───── DATA
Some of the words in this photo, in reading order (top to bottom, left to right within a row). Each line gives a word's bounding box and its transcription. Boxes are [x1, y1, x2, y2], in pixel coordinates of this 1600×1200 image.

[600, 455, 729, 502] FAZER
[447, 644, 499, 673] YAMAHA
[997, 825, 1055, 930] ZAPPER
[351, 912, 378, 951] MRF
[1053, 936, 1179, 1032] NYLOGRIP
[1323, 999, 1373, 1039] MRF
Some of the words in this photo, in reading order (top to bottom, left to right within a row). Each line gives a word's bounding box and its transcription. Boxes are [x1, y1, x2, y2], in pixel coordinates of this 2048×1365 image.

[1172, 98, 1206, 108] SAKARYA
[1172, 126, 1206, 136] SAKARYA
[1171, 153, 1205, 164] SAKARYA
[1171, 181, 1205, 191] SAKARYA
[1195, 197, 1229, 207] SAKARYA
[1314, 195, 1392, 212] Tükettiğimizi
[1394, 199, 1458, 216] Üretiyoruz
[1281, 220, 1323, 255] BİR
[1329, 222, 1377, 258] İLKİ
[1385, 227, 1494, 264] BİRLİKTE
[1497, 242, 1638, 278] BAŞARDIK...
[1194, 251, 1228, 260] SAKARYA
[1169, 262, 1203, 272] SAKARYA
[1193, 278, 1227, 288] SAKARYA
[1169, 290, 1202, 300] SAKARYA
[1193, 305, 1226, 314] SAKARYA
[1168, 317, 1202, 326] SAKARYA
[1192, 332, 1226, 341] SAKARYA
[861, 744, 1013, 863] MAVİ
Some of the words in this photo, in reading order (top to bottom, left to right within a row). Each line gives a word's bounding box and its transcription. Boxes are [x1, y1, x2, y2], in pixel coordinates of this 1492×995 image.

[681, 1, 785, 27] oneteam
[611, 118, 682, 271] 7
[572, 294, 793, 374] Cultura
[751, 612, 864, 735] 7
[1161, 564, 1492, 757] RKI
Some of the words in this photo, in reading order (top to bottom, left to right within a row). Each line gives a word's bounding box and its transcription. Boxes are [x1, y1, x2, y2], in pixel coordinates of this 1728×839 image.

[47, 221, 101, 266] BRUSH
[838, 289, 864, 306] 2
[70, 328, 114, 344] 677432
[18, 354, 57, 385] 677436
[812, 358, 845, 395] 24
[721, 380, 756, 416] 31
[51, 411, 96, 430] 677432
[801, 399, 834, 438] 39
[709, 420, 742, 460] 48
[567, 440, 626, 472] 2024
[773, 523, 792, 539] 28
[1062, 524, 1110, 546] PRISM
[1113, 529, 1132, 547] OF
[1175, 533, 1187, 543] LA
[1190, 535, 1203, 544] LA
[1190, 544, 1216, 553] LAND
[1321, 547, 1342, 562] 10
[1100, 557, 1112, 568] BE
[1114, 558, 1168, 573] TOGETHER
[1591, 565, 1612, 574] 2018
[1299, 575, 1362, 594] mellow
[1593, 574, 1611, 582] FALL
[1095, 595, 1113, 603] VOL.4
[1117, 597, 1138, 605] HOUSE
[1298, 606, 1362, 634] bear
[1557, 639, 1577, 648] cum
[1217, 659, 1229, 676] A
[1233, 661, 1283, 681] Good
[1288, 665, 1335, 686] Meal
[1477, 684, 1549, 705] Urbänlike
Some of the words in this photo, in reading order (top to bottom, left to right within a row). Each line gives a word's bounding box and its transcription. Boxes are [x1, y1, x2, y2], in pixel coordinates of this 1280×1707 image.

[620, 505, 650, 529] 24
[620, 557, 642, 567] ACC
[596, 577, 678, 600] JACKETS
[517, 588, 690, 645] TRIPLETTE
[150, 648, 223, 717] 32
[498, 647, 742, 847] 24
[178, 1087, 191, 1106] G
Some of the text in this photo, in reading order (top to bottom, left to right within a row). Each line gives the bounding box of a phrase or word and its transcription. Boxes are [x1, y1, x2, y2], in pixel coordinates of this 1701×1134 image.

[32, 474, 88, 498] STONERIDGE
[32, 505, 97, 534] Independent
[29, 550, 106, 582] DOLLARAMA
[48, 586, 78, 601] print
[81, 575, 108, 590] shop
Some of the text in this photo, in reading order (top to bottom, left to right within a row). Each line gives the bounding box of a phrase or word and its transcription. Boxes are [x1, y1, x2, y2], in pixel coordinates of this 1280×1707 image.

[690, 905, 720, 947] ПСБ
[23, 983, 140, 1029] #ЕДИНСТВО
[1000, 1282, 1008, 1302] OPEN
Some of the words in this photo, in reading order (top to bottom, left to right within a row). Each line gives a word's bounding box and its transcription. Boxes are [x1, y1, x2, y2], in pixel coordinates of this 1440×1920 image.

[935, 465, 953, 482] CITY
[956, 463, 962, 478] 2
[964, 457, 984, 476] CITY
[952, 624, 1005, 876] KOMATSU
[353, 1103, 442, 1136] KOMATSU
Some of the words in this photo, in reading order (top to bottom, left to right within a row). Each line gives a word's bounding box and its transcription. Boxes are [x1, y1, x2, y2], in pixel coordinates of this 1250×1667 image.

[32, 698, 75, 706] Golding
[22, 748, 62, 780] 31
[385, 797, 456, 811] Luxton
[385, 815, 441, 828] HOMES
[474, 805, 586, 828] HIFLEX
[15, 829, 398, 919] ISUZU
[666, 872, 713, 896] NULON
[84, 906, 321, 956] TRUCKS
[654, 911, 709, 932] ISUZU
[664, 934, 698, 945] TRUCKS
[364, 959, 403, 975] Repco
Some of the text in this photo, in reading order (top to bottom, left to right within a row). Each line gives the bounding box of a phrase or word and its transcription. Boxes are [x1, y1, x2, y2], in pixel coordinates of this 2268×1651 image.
──────────
WHAT YOU NEED TO DO =
Reproduce each entry in the listing character for character.

EXERCISE ANSWER =
Some of the words in this photo, in reading order (top to bottom, left to right within a row). Each line gives a word's bounding box and its transcription. Boxes are [x1, y1, x2, y2], in pixel coordinates of this 1600×1200 image.

[600, 455, 729, 502] FAZER
[447, 644, 499, 673] YAMAHA
[997, 825, 1055, 930] ZAPPER
[351, 912, 378, 951] MRF
[1053, 936, 1179, 1032] NYLOGRIP
[1323, 999, 1373, 1039] MRF
Some of the words in this photo, in reading order (top to bottom, left to right within a row). Each line gives a word's bounding box and its transcription. Boxes are [x1, y1, x2, y2], in pixel coordinates of this 2048×1365 image.

[1172, 98, 1206, 108] SAKARYA
[1172, 126, 1206, 136] SAKARYA
[1171, 153, 1205, 164] SAKARYA
[1171, 181, 1205, 191] SAKARYA
[1195, 197, 1229, 207] SAKARYA
[1314, 195, 1392, 212] Tükettiğimizi
[1394, 199, 1458, 216] Üretiyoruz
[1281, 220, 1323, 255] BİR
[1329, 222, 1377, 258] İLKİ
[1385, 227, 1494, 264] BİRLİKTE
[1497, 242, 1638, 278] BAŞARDIK...
[1194, 251, 1228, 260] SAKARYA
[1169, 262, 1203, 272] SAKARYA
[1193, 278, 1227, 288] SAKARYA
[1169, 290, 1202, 300] SAKARYA
[1193, 305, 1226, 314] SAKARYA
[1168, 317, 1202, 326] SAKARYA
[1192, 332, 1226, 341] SAKARYA
[861, 744, 1013, 863] MAVİ
Some of the words in this photo, in reading order (top to bottom, left to right within a row). Each line gives a word's bounding box and its transcription. Boxes are [x1, y1, x2, y2], in pixel coordinates of this 1492×995 image.

[681, 1, 785, 27] oneteam
[611, 118, 682, 271] 7
[572, 294, 793, 374] Cultura
[751, 612, 864, 735] 7
[1161, 564, 1492, 757] RKI
Some of the words in this photo, in reading order (top to bottom, left to right within a row). Each line gives a word's bounding box and its transcription. Boxes are [x1, y1, x2, y2], in pixel coordinates of this 1728×839 image.

[47, 221, 101, 266] BRUSH
[838, 289, 864, 306] 2
[70, 328, 114, 344] 677432
[18, 354, 57, 385] 677436
[812, 358, 845, 395] 24
[721, 380, 756, 416] 31
[51, 411, 96, 430] 677432
[801, 399, 834, 438] 39
[709, 420, 742, 460] 48
[567, 440, 626, 472] 2024
[773, 523, 792, 539] 28
[1062, 524, 1110, 546] PRISM
[1113, 529, 1132, 547] OF
[1175, 533, 1187, 543] LA
[1190, 535, 1203, 544] LA
[1190, 544, 1216, 553] LAND
[1321, 547, 1342, 562] 10
[1100, 557, 1112, 568] BE
[1114, 558, 1168, 573] TOGETHER
[1591, 565, 1612, 574] 2018
[1299, 575, 1362, 594] mellow
[1593, 574, 1611, 582] FALL
[1095, 595, 1113, 603] VOL.4
[1117, 597, 1138, 605] HOUSE
[1298, 606, 1362, 634] bear
[1557, 639, 1577, 648] cum
[1217, 659, 1229, 676] A
[1233, 661, 1283, 681] Good
[1288, 665, 1335, 686] Meal
[1477, 684, 1549, 705] Urbänlike
Some of the words in this photo, in reading order (top to bottom, left to right within a row). Each line gives a word's bounding box and its transcription. Boxes are [x1, y1, x2, y2], in pixel coordinates of this 1280×1707 image.

[620, 505, 650, 529] 24
[620, 557, 642, 567] ACC
[596, 577, 678, 600] JACKETS
[517, 588, 690, 645] TRIPLETTE
[150, 648, 223, 717] 32
[498, 647, 742, 847] 24
[178, 1087, 191, 1106] G
Some of the text in this photo, in reading order (top to bottom, left to right within a row). Each line gives the bounding box of a phrase or word and its transcription. Boxes are [x1, y1, x2, y2], in pixel coordinates of this 1701×1134 image.

[32, 474, 88, 498] STONERIDGE
[32, 505, 97, 534] Independent
[29, 550, 106, 582] DOLLARAMA
[48, 586, 78, 601] print
[81, 575, 108, 590] shop
Some of the text in this photo, in reading order (top to bottom, left to right within a row). Each line gives the bounding box of a phrase or word and its transcription. Boxes are [x1, y1, x2, y2], in pixel coordinates of this 1280×1707 image.

[690, 905, 720, 947] ПСБ
[23, 983, 140, 1029] #ЕДИНСТВО
[1000, 1282, 1008, 1302] OPEN
Some of the words in this photo, in reading order (top to bottom, left to right within a row). Each line gives a word's bounding box and its transcription. Boxes are [x1, y1, x2, y2], in pixel coordinates of this 1440×1920 image.

[935, 465, 953, 482] CITY
[956, 463, 962, 478] 2
[964, 457, 984, 476] CITY
[952, 624, 1005, 876] KOMATSU
[353, 1103, 442, 1136] KOMATSU
Some of the words in this photo, in reading order (top to bottom, left to right within a row). Each line gives a word's bounding box and its transcription. Boxes are [x1, y1, x2, y2], in pixel coordinates of this 1250×1667 image.

[32, 698, 75, 706] Golding
[22, 748, 62, 780] 31
[385, 797, 456, 811] Luxton
[385, 815, 441, 828] HOMES
[474, 805, 586, 828] HIFLEX
[15, 829, 398, 919] ISUZU
[666, 872, 713, 896] NULON
[84, 906, 321, 956] TRUCKS
[654, 911, 709, 932] ISUZU
[664, 934, 698, 945] TRUCKS
[364, 959, 403, 975] Repco
Some of the text in this photo, in reading order (top to bottom, left to right within a row). Each line gives the bounding box of a phrase or word and its transcription. Boxes are [x1, y1, x2, y2], in pixel coordinates of this 2268×1651 image.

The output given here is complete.